### EXERCISE GOAL
Nothing in the entries may change when you repeat them, and no images may appear.

### INPUT MATERIAL
+===+
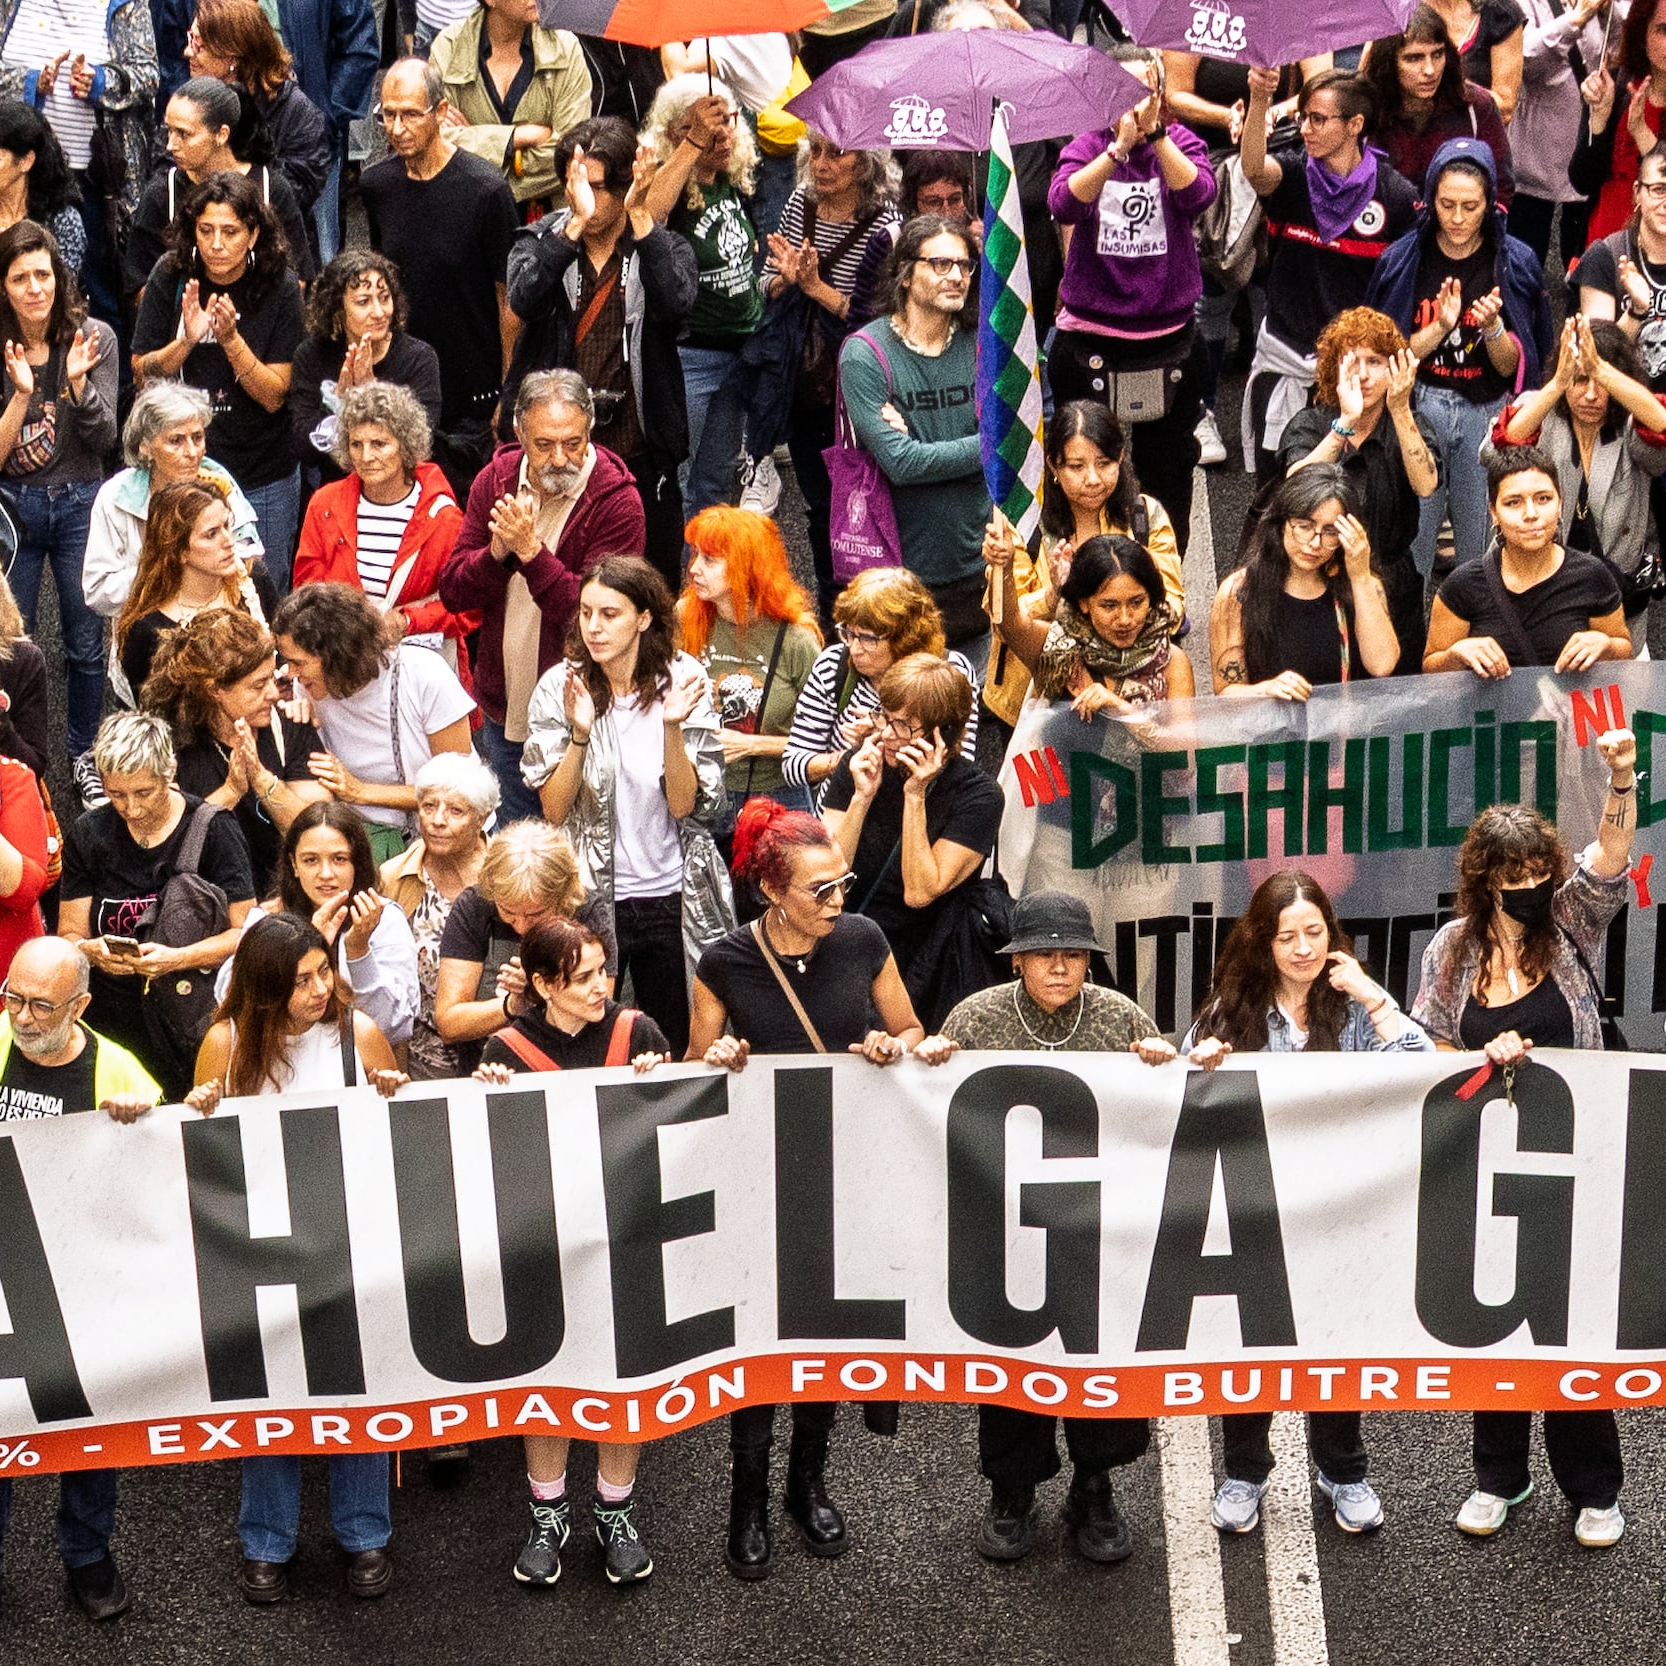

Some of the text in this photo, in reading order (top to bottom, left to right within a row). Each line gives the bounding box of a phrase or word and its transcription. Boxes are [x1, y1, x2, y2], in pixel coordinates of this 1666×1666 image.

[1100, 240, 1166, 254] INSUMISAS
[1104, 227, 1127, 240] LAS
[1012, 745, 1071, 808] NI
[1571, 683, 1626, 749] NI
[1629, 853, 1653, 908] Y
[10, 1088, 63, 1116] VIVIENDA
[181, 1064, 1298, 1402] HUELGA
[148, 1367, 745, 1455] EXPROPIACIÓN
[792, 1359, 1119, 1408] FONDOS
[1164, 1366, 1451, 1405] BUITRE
+===+
### EXPECTED ANSWER
Some of the text in this photo, in reading order (top to bottom, left to right within a row). Each line gives the bounding box of a phrase or word and its transcription. Boxes are [x1, y1, x2, y2], in pixel coordinates of this 1666×1666 image.

[1100, 240, 1166, 254] INSUMISAS
[1104, 227, 1127, 240] LAS
[1012, 745, 1071, 808] NI
[1571, 683, 1626, 749] NI
[1629, 853, 1653, 908] Y
[10, 1088, 63, 1116] VIVIENDA
[181, 1064, 1298, 1402] HUELGA
[148, 1367, 745, 1455] EXPROPIACIÓN
[792, 1359, 1119, 1408] FONDOS
[1164, 1366, 1451, 1405] BUITRE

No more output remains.